*** Source records ***

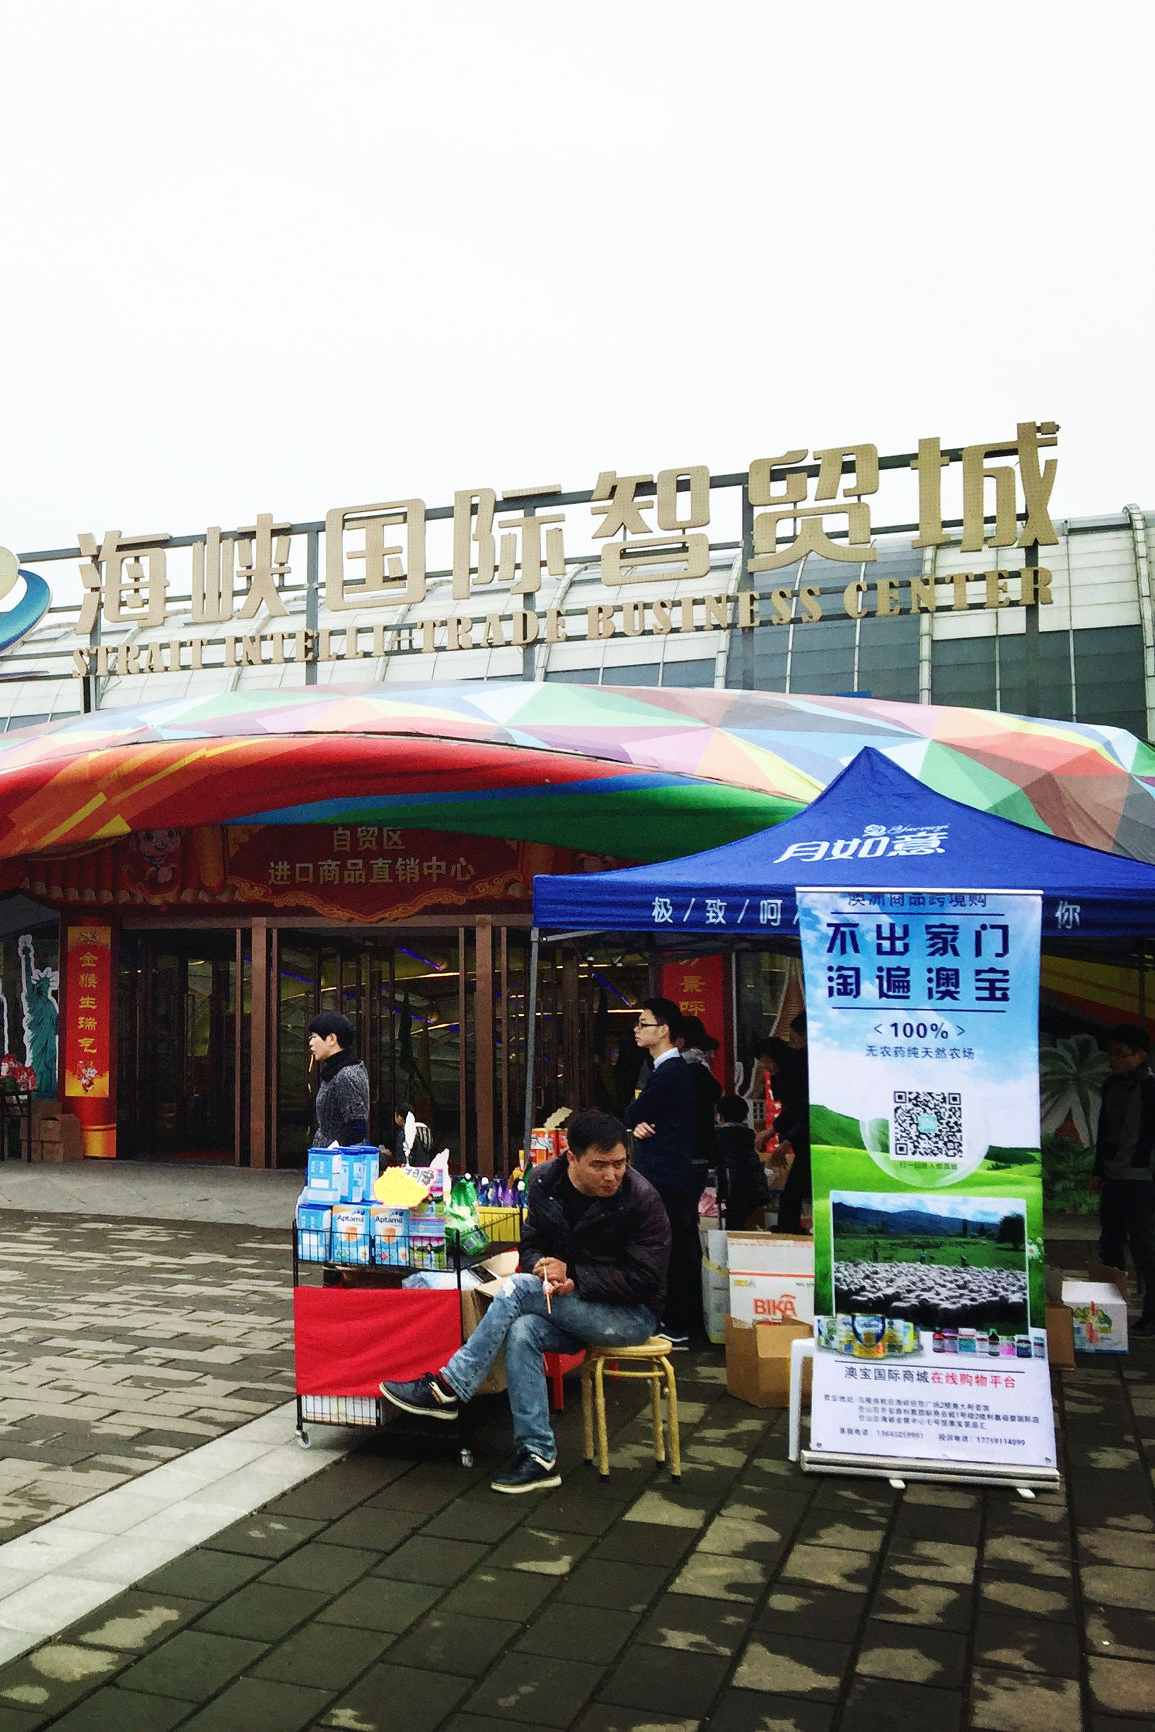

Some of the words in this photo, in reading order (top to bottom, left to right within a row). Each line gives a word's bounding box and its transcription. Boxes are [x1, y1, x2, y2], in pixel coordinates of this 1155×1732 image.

[75, 421, 1061, 635] 海峡国际智贸城
[72, 638, 207, 679] STRAIT
[585, 585, 823, 640] BUSINESS
[843, 566, 1054, 619] CENTER
[333, 826, 406, 852] 自贸区
[268, 856, 476, 886] 进口商品直销中心
[1054, 900, 1081, 929] 你
[826, 922, 1010, 958] 不出家门
[826, 965, 1011, 1002] 淘遍澳宝
[865, 1045, 975, 1060] 无农药纯天然农场
[336, 1214, 365, 1223] Aptamil
[375, 1216, 403, 1224] Aptamil
[753, 1296, 798, 1318] BIKA
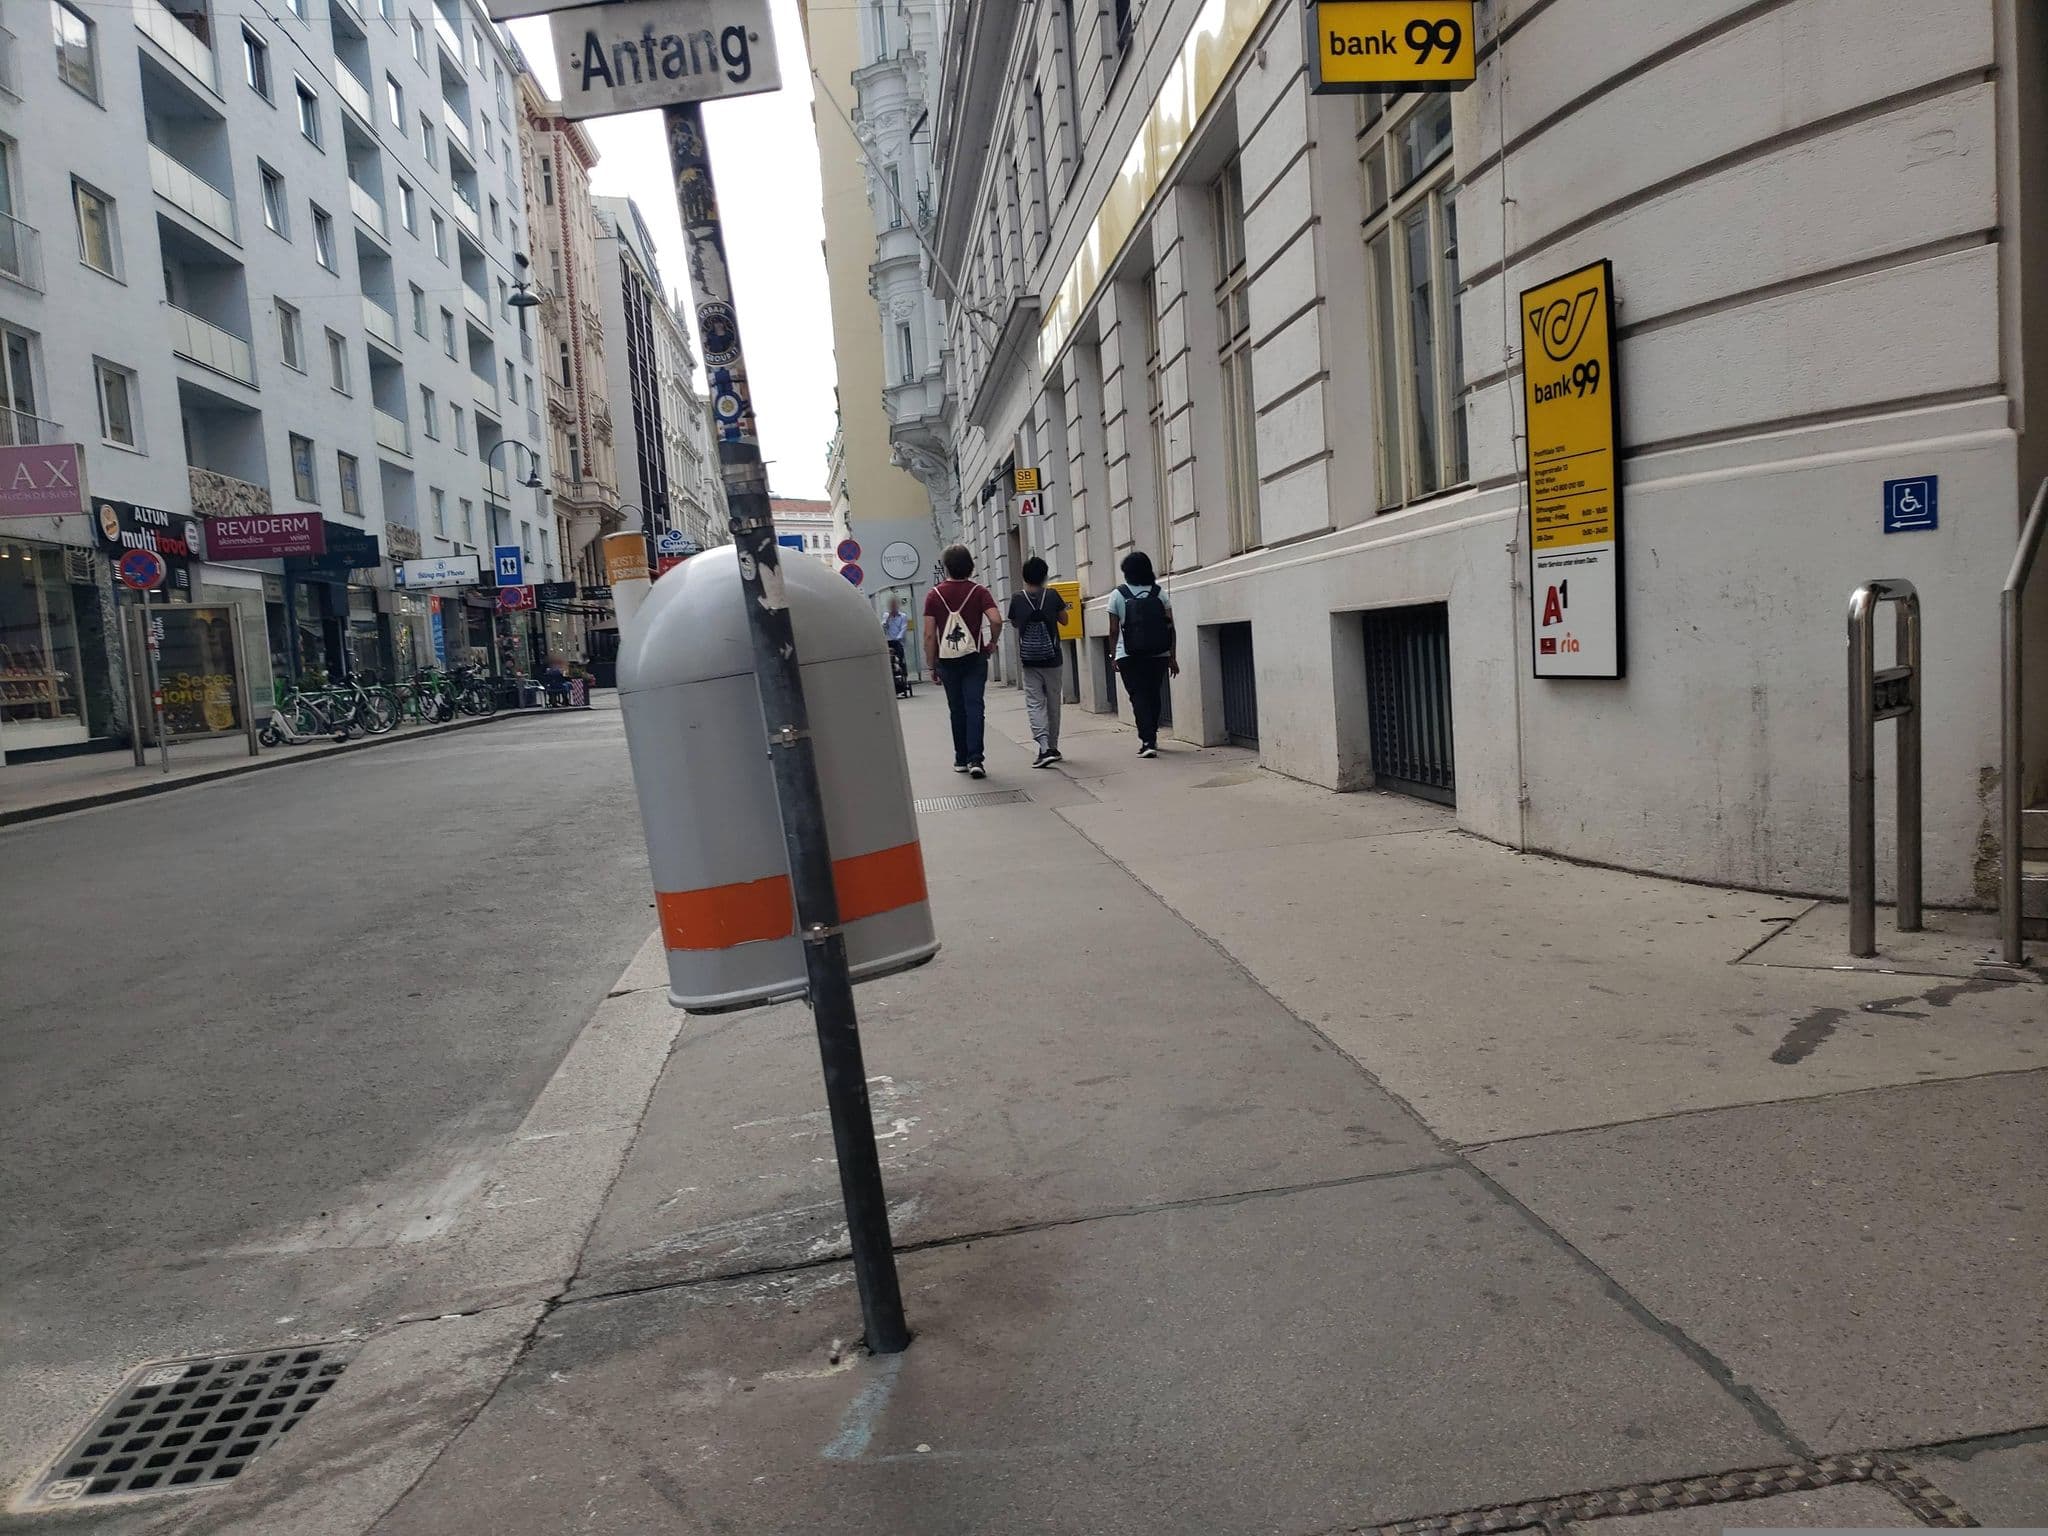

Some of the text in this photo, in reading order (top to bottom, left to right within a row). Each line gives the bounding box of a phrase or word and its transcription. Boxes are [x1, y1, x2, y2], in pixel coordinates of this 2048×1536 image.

[581, 23, 752, 91] Anfang
[1330, 18, 1462, 65] bank 99
[134, 506, 170, 527] ALTUN
[216, 517, 309, 537] REVIDERM
[218, 536, 265, 547] skinmedics
[1542, 579, 1568, 627] A1
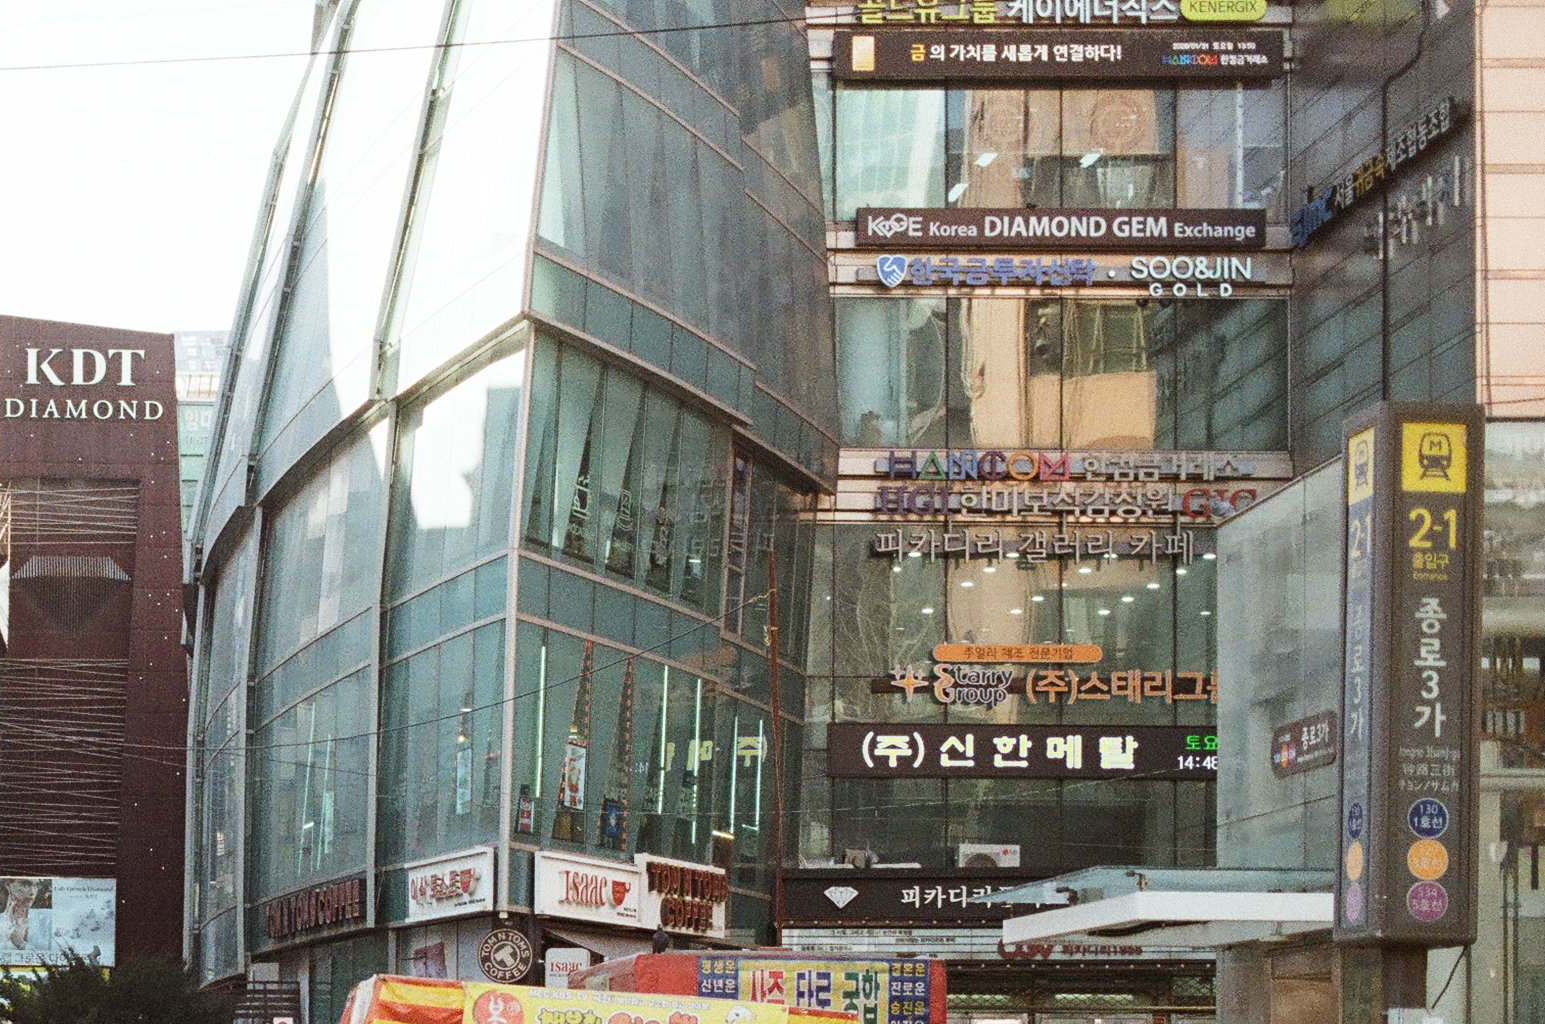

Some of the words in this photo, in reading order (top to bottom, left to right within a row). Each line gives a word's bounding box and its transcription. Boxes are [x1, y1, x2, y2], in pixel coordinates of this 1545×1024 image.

*** End of Source records ***

Your instructions -> What you return should match the records line for line, minus the pictures.

Solved exercise ->
Some of the words in this photo, in reading order (top to bottom, left to right within a row). Each line gives a word's bounding box and its transcription. Boxes are [x1, y1, x2, y2], in pixel coordinates of this 1155×1732 image.

[75, 421, 1061, 635] 海峡国际智贸城
[72, 638, 207, 679] STRAIT
[585, 585, 823, 640] BUSINESS
[843, 566, 1054, 619] CENTER
[333, 826, 406, 852] 自贸区
[268, 856, 476, 886] 进口商品直销中心
[1054, 900, 1081, 929] 你
[826, 922, 1010, 958] 不出家门
[826, 965, 1011, 1002] 淘遍澳宝
[865, 1045, 975, 1060] 无农药纯天然农场
[336, 1214, 365, 1223] Aptamil
[375, 1216, 403, 1224] Aptamil
[753, 1296, 798, 1318] BIKA

Some of the text in this photo, in reading order (top to bottom, left to right within a row). Each line gives the bounding box of a phrase or word and its transcription. Boxes are [x1, y1, x2, y2], in pixel coordinates of this 2048×1536 image.

[581, 23, 752, 91] Anfang
[1330, 18, 1462, 65] bank 99
[134, 506, 170, 527] ALTUN
[216, 517, 309, 537] REVIDERM
[218, 536, 265, 547] skinmedics
[1542, 579, 1568, 627] A1

Some of the words in this photo, in reading order (top to bottom, left to right within a row). Each line gives a word's bounding box and its transcription. Boxes are [x1, y1, x2, y2], in pixel coordinates of this 1545×1024 image.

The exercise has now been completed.